Você pode estar sentindo raiva ou
indignação por estar lendo essa minha afirmação. Uma amiga me disse: “...eu
poderia ouvir isso de todos, menos de você...”. Mas é assim. Eu desisto das
pessoas. Porém quero apresentar meus motivos para esse comportamento que é
aparentemente desumano ou irresponsável, antiético, sei lá...
Desistir faz parte do caminho rumo
ao objetivo, o problema é que muitas vezes não sabemos qual é o objetivo a ser
conquistado; sequer sabemos onde queremos chegar; sequer sabemos o que queremos
para nossos filhos, para nossos alunos, para nossas relações interpessoais.
Spencer Johnson escreveu em seu livro “Quem Mexeu no meu Queijo”:
“A vida não
é um corredor reto e tranquilo que nós percorremos livres e sem empecilhos, mas
um labirinto de passagens, pelas quais nós devemos procurar nosso caminho,
perdidos e confusos, de vez em quando presos em um beco sem saída.”
Spencer
Johnson, Quem mexeu no meu queijo, p.9, Prefácio de A.J.Cronin
Às vezes me sinto assim, como se
estivesse preso “em um beco sem saída”, não apenas como professor – tenho
menos de dois anos de magistério – mas também como pastor, como pai, como
marido, como pessoa que busca conquistar objetivos. Às vezes me irrito ao ouvir
a mesma ladainha: “...calma, é assim mesmo!” ou “...ainda não viu
nada!” e frases do gênero. Perdoem-me eu não vivo dessa forma, me
acostumando aos problemas, levando-os na cacunda, tratando-os como bichinhos de
estimação. Problemas para mim precisam ser eliminado e ponto.
Sei que estou vivendo as
inquietações preliminares da carreira de professor; alguns alunos
indisciplinados protegidos por um sistema burro que alimenta seus
comportamentos delinquentes; outros alunos relapsos protegidos por pais mais
relapsos ainda; outros ainda enfermos de alma, adoecidos pelo – já – constante consumo
de álcool, drogas e “roque em rol”; como se não bastasse ter que me
deparar com cada um desses comportamentos nocivos, ainda tenho de enfrenta-los
todos de uma só vez em uma sala superlotada.
PROFESSORES NÃO SÃO BABÁS
Se você é um professor há de
concordar comigo, nós realmente não somos babás de alunos, nem dos bons e nem
dos maus. Somos professores, a maioria de nós prepara as aulas com espero,
gastamos tempo corrigindo trabalhos, elaborando provas e corrigindo-as, esse é
nosso ministério. Conheço professores que mantém um rígido controle do
aproveitamento de seus alunos em planilhas, diários, anotações e outros
expedientes. Mas por vezes, e não são poucas, nossos entusiasmo cai por terra
diante do “muro intransponível” do mau comportamento de alguns alunos.
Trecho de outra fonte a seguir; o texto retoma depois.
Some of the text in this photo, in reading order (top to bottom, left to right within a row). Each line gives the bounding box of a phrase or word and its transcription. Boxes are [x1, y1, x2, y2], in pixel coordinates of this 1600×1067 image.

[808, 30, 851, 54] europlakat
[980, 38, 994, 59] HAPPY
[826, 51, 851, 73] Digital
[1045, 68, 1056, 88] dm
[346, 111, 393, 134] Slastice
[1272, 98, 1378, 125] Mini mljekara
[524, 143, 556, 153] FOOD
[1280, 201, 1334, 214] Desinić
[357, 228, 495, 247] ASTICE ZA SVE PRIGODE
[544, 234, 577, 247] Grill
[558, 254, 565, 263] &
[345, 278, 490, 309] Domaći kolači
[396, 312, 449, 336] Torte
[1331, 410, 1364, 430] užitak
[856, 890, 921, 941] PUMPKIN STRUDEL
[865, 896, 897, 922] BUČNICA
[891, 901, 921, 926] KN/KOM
Sendo por natureza um profissional
que trabalha focado em objetivos começo a me perguntar: VALE A PENA INSISTIR
NESSES ALUNOS?! Hoje, minha resposta é NÃO!! Não vale a pena perder tempo
com esses alunos.
E porque não vale a pena perder
tempo?! PORQUE EU NÃO POSSO SALVAR TODO MUNDO!! Só são salvos aqueles que
querem ser salvos. Nós professores, só salvaremos os alunos que desejarem ser
salvos de seu estado de ignorância. Sei que essa discussão pode ganhar linhas
mais graves e mergulhos mais profundos, passando por temas transversais e as
vezes alheios à sala de aula; Ótimo!
Não podemos mais ficar reclamando
no dia do planejamento, ou nos alarmar quando um aluno é preso traficando
drogas – fora da escola; mas quem garante que ele já não traficava dentro da
escola? Claro que traficava, claro que outros alunos eram e são seus “clientes”.
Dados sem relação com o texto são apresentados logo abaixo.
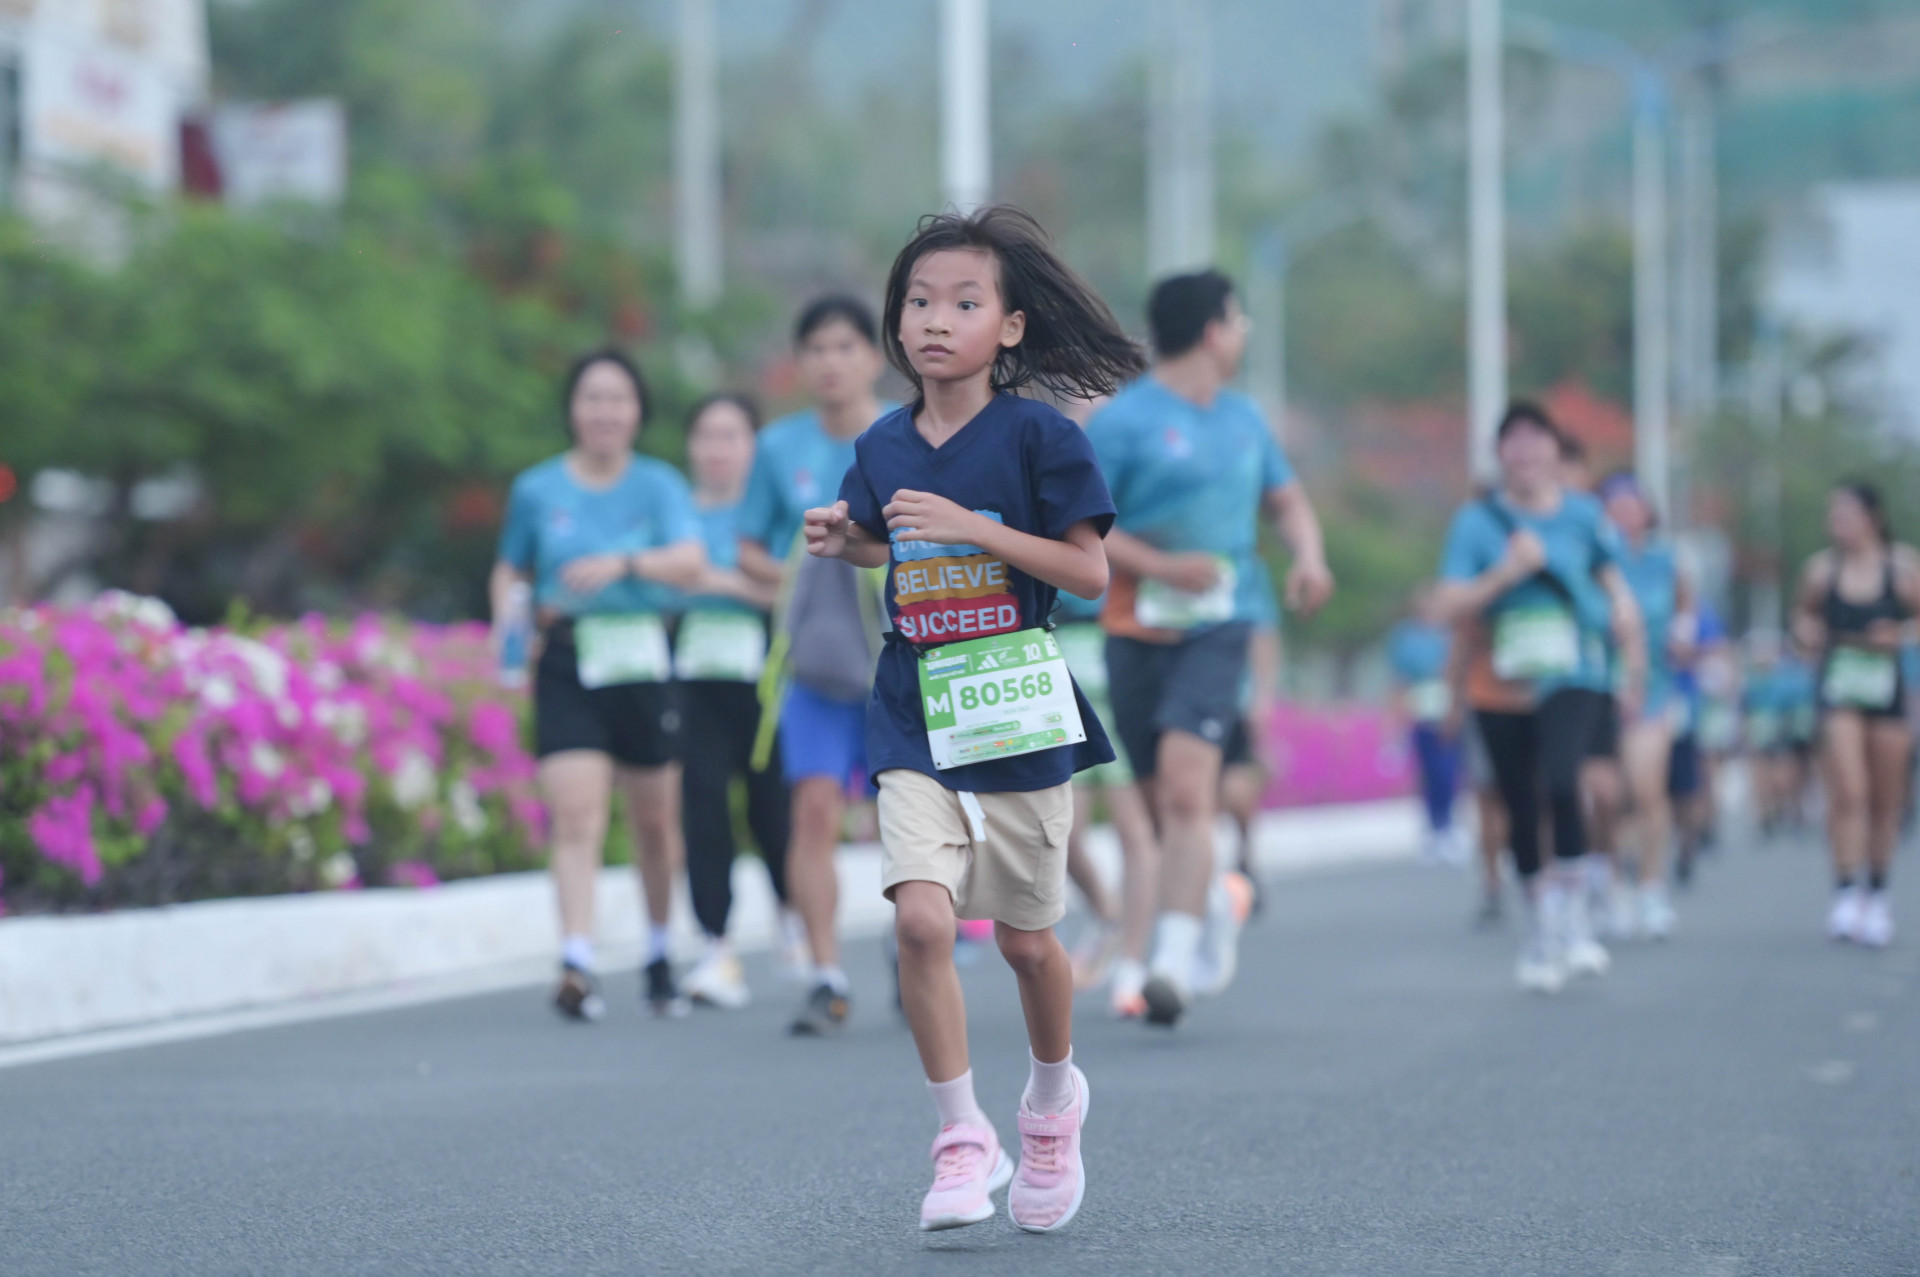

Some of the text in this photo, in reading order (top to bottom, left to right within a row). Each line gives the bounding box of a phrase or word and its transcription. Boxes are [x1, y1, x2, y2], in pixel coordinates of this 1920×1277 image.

Não quero mais me assustar quando souber de escolas assaltadas pelos próprios
alunos, quando souber de escolas que sofreram com o vandalismo próprio dos sociopatas;
não quero mais me entristecer com a maldade de determinados alunos que em
momentos de sandice viram o prato de comida na mesa do refeitório como se
fossem os donos do mundo. Quando eu era aluno, teria levado umas boas palmadas
da supervisora e uma surra quando chegasse em casa.
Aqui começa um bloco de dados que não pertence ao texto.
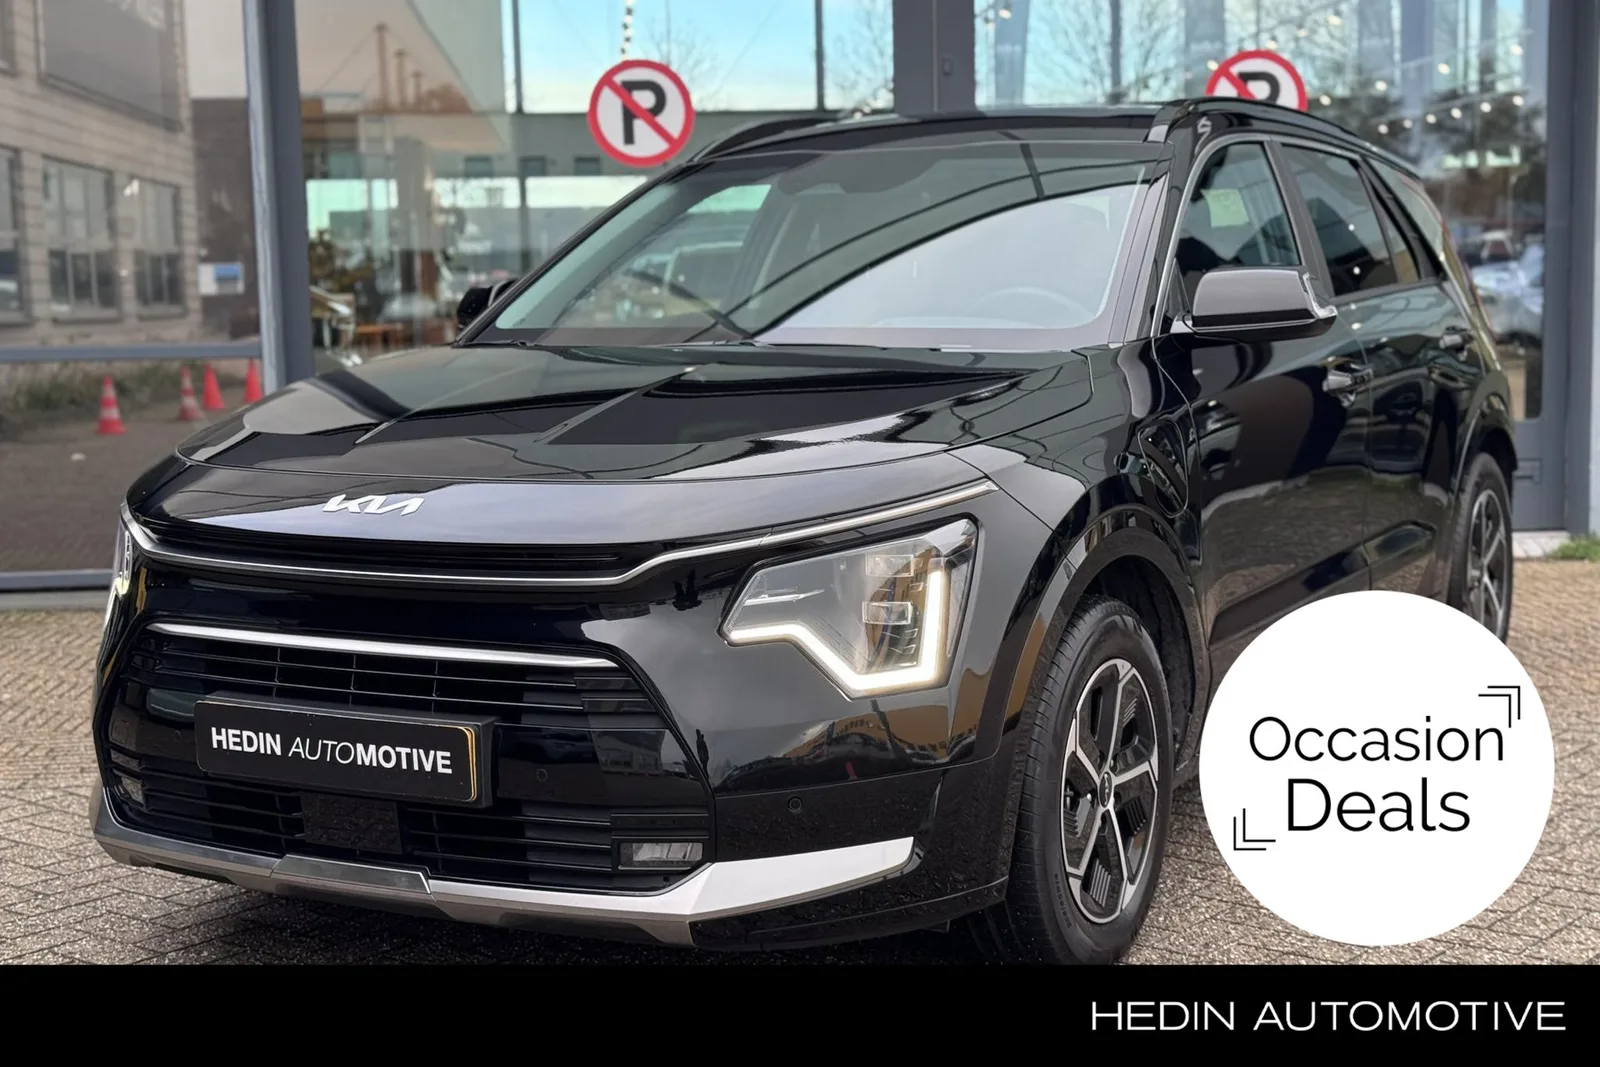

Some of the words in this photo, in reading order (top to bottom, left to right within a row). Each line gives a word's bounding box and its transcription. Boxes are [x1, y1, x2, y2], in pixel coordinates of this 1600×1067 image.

[621, 80, 666, 145] P
[322, 493, 425, 517] KIA
[211, 726, 282, 756] HEDIN
[288, 737, 453, 774] AUTOMOTIVE
Já disse em um texto que as
escolas públicas estaduais e municipais estão desprovidas de profissionais e
ferramentas adequadas para esse enfrentamento. E mesmo que tivéssemos,
profissionais e ferramentas, ainda assim, seria preciso desistir de insistir
com alguns alunos.
SÃO ELES QUEM DECIDEM
No tratamento de drogaditos a
liberdade é fator primordial para a recuperação. Se o viciado não quiser deixar
as drogas, não deixará; se decidir deixa-las, há um corpo de profissionais,
ferramentas e ambientes apropriados para ajuda-lo, mas todo o trabalho é dele. Creio
que com os alunos deve ser assim também. Nós somos os facilitadores do aprendizado,
eles é que precisam fazer o esforço para aprender. Mas o que tem acontecido é
que nós temos nos tornado “neurocirurgiões” do ensino, praticamente
pedimos “pelo amor de Deus” que eles escutem o que temos à dizer em
sala, temos que “implorar” para ficarem em silêncio enquanto fazemos a
chamada; depois disso entramos em rota de colisão com eles quando começamos a explanar
a matéria propriamente dita – ainda bem, que essa agonia não passa dos 45
minutos, em média.
Égua, isso parece roteiro de
filme de terror!
Mas não reclamo, acho excitante
enfrentar o desafio de “abrir a porta” da mente dessas crianças – das interessadas,
e semear novos conceitos, fomentar em seus sentimentos novos desafios,
apresentar-lhes um novo horizonte. Minha questão é com aqueles que atrapalham
todo o processo de aprendizado dos demais. Em uma turma de 48, oito estão “frutas
podres”. Não estou sendo cruel ao afirmar que estão “frutas podres”,
é como estão! Não estou dizendo que sejam uns “perdidos para sempre”,
não! Mas no momento presente estão “podres”, são um empecilho para o aprendizado
dos demais alunos, esses oito consomem nossas energias, mais que os demais 40
restantes. É duro dizer isso, mas é necessário. Sei que você que é professor
concorda comigo.
Nós não temos como resolver esse
problema, não há como mudarmos o comportamentos desses alunos, não existe
nenhum mecanismo externo a eles que seja capaz de fazer com que mudem. Só eles
mesmos podem mudar; só eles são capazes de se transformar. Mas, infelizmente a
maioria não quer. Aí vem a pergunta que nunca cala: O QUE FAZER COM ELES?! Continuar
insistindo, crendo no axioma “água mole em pedra dura, tanto bate até que
fura”? Ou ser pragmático, desistir desses e investir tempo, esforço,
intelecto e recursos naqueles que irão mudar o futuro?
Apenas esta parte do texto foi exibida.